__WHAT NEEDS TO BE DONE__:
Exclude all pictures, then restate the entries below word for word.

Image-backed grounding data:
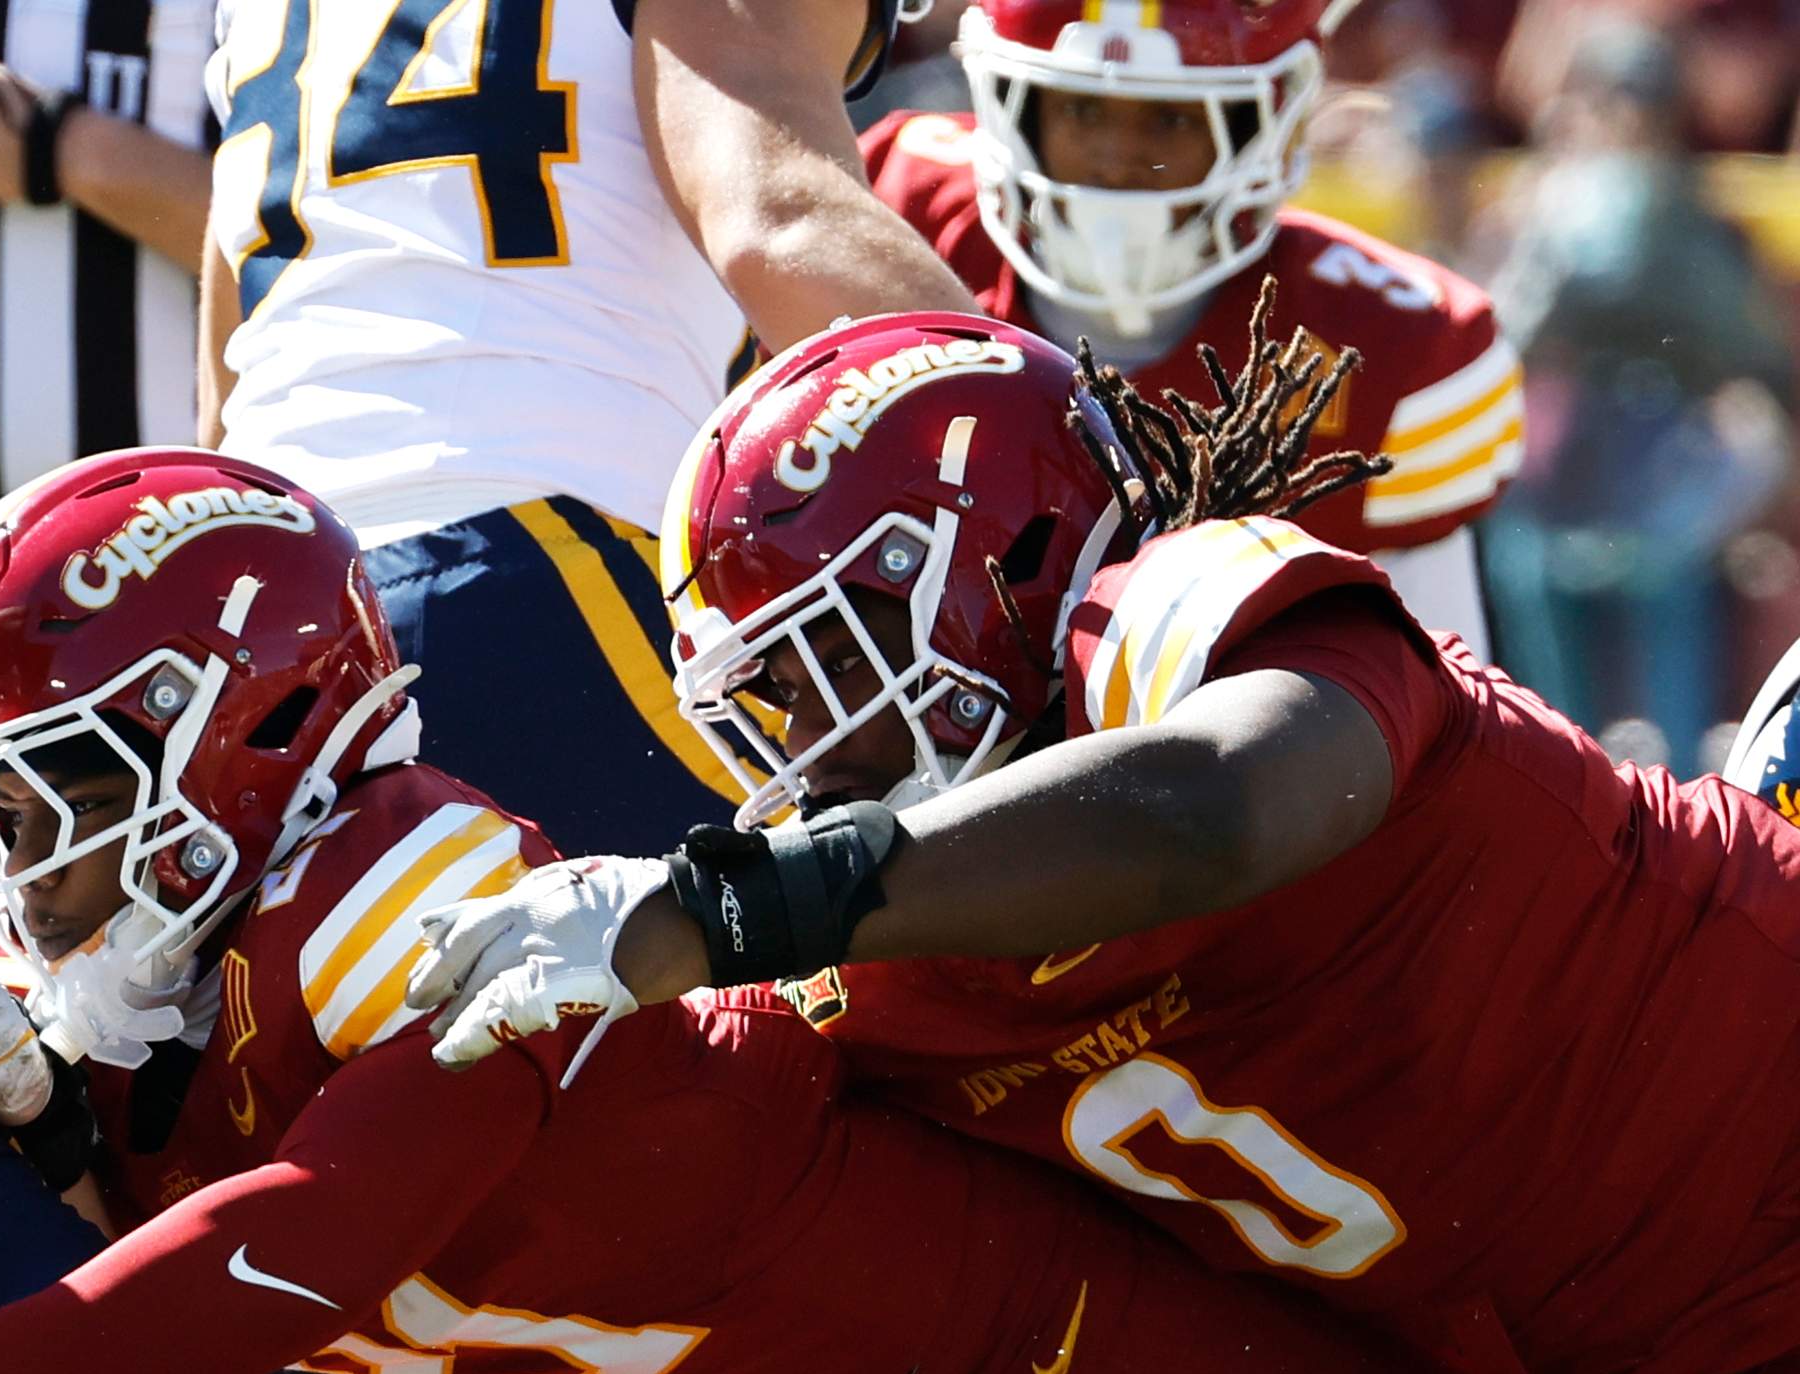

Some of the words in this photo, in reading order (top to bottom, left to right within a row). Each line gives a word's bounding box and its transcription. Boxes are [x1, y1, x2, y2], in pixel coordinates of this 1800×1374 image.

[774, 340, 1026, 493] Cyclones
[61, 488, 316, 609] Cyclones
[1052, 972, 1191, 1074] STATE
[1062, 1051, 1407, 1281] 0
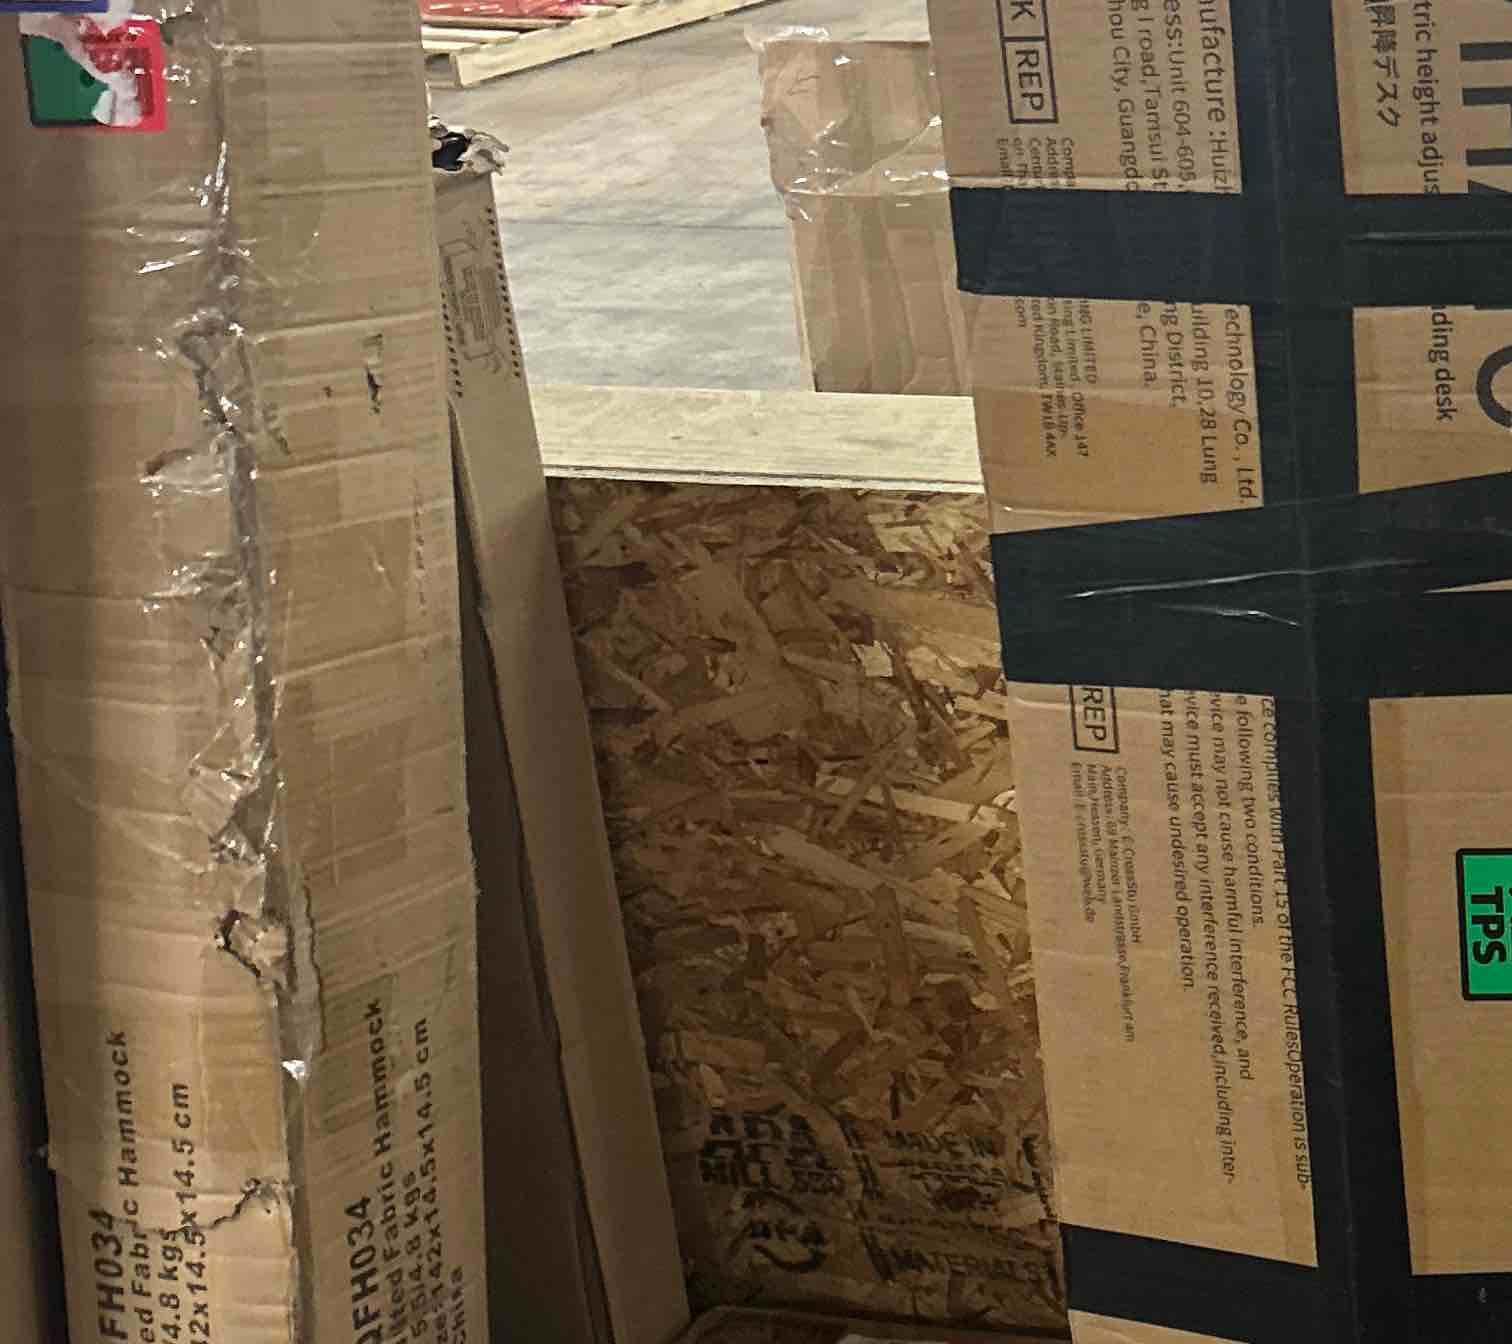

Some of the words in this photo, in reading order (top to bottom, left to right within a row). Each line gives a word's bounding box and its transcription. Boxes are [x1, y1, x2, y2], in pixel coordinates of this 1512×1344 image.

__ANSWER FOR THE TASK__:
Some of the words in this photo, in reading order (top to bottom, left to right within a row). Each line gives a word's bounding box and its transcription. Boxes are [x1, y1, x2, y2], in pixel coordinates of this 1800×1374 image.

[774, 340, 1026, 493] Cyclones
[61, 488, 316, 609] Cyclones
[1052, 972, 1191, 1074] STATE
[1062, 1051, 1407, 1281] 0

Some of the words in this photo, in reading order (top to bottom, left to right within a row). Each line gives a word's bounding box and its transcription. Boxes are [x1, y1, x2, y2], in pixel coordinates of this 1512×1344 image.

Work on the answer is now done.